Delphine Wespiser : « Etre Miss France me permet d’officialiser mes combats pour les animaux. »

Cette année, c’est Miss Alsace qui a été choisie comme Miss France. A la suite de son élection, Delphine Wespiser, 19 ans, s’est d’emblée engagée pour la cause animale, appelant à lutter contre la maltraitance ou l’abandon des animaux. Qu’a-t-elle mis en place depuis son couronnement ? Rencontre.

Comment est née votre envie de protéger les animaux ? 
Etant petite, j’allais récupérer toutes les limaces du jardin avant que mon père ne tonde le gazon pour qu’elles ne meurent pas ! J’allais aussi très souvent à la ferme de mon grand père où j’étais entourée de lapins, de poules, et de chiens… On m’a inculqué le respect des êtres vivants. Et puis, j’ai aussi du attendre jusqu’à mes 7 ans pour avoir mon chien, Paypper, donc je l’ai désiré pendant longtemps !

 

Vous mettez en avant votre désir d’aider les animaux. Comment cela se concrétise-t-il ? En quoi votre statut de Miss France vous aidera-t-il ?
J’ai décidé de devenir végétarienne très jeune. Aujourd’hui, être Miss France me permet d’officialiser mes petits combats d’autrefois : je suis l’heureuse marraine de l’association IFAW qui lutte pour que la cohabitation entre les hommes et les animaux soit plus sereine. Beaucoup d’associations me font d’ailleurs des dons pour que je les utilise dans mes projets. L’un d’entre eux se fera avec le Samu Social de Paris dont la directrice m’a fait part d’une idée : créer un chenil pour les chiens de SDF. La plupart des personnes vivant dans la rue sont accompagnées d’un ami à quatre pattes qui est généralement le seul lien qui leur reste.
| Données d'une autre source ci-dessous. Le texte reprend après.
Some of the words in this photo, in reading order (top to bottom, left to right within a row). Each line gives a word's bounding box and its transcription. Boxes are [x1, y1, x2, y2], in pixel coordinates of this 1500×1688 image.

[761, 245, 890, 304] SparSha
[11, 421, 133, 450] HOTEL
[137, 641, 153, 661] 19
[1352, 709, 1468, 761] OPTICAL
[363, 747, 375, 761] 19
Souvent, les SDF n’acceptent pas d’aller se faire soigner parce qu’il n’y pas d’endroit prévu pour leurs chiens. Je pense donc utiliser les dons que je reçois pour réaliser un de mes rêves : créer un endroit pour le bien être animal.
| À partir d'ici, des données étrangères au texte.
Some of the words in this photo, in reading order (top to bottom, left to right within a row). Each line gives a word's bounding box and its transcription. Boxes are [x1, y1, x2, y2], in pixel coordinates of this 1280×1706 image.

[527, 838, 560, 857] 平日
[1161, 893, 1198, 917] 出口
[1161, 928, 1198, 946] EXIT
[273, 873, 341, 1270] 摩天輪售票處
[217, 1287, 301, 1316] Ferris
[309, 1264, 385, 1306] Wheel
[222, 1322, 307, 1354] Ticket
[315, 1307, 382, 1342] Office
Vous évoquez le IFAW (Fonds international pour la protection des animaux) dont vous êtes devenue marraine fin janvier. Pourquoi avoir choisi cet organisme ?
J’ai décidé de me battre auprès d’IFAW car c’est une association très réactive et dynamique qui traite les problèmes à la base : elle crée des moyens d’enseigner le respect des animaux aux enfants. Ce sont eux, les générations futures, qui pourront tout changer ! Il faut les sensibiliser.

De nos jours, qu’est-ce qui vous choque le plus en matière de  mal-être animal ?
Les horreurs infligées aux animaux de compagnie ! Les gens sont de plus en plus éduqués et normalement civilisés, et pourtant si vous saviez. Les bureaux juridique des associations de protection animale débordent de dossiers et d’affaires macabres …

Néoplanète est très sensible à la thématique de la fourrure. Qu’en pensez-vous ?
Je suis absolument contre la fourrure et c’est vrai que dans un milieu de mode, il est très difficile d’imposer cette idée. A mon niveau, c’est par les réseaux sociaux que j’essaye d’agir. Sur mon Twitter (@WespiserD), j’ai par exemple posté une affiche disant « FOURRURE SIGNE EXTERIEUR DE CRUAUTE » et ça a fait son effet !

Vous êtes investie dans d’autres bonnes oeuvres : le don du sang, avec La caravane de la vie, l’aide aux personnes âgées avec l’Apamad (Association pour l’accompagnement et le maintien à domicile) et la défense des langues régionales, comme l’Alsacien. Depuis quand ?

J’ai toujours aimé le contact et l’ambiance de solidarité dans les associations et c’est donc tout naturellement que je me suis rapprochée de celles qui défendent les mêmes valeurs que moi. En Alsace, nous avons des projets pour l’année prochaine avec la Caravane de la vie et l’Apamad. Cette année, je me consacre à mon amour des animaux car mon planning est très chargé et que je ne pourrai pas tout gérer en 2012.

Comprenez-vous les gens qui pensent que l’élection de Miss France véhicule une image de la femme « objet » uniquement jugée sur son physique ?
Les femmes d’aujourd’hui sont libres et ambitieuses, dans leur vie professionnelle et personnelle. Elles se doivent de mener leur vie comme elles l’entendent ! Concernant Miss France, je pense que le concours ne véhicule en aucun cas l’image de femme objet, au contraire ! La preuve : j’ai été élue grâce à mon discours.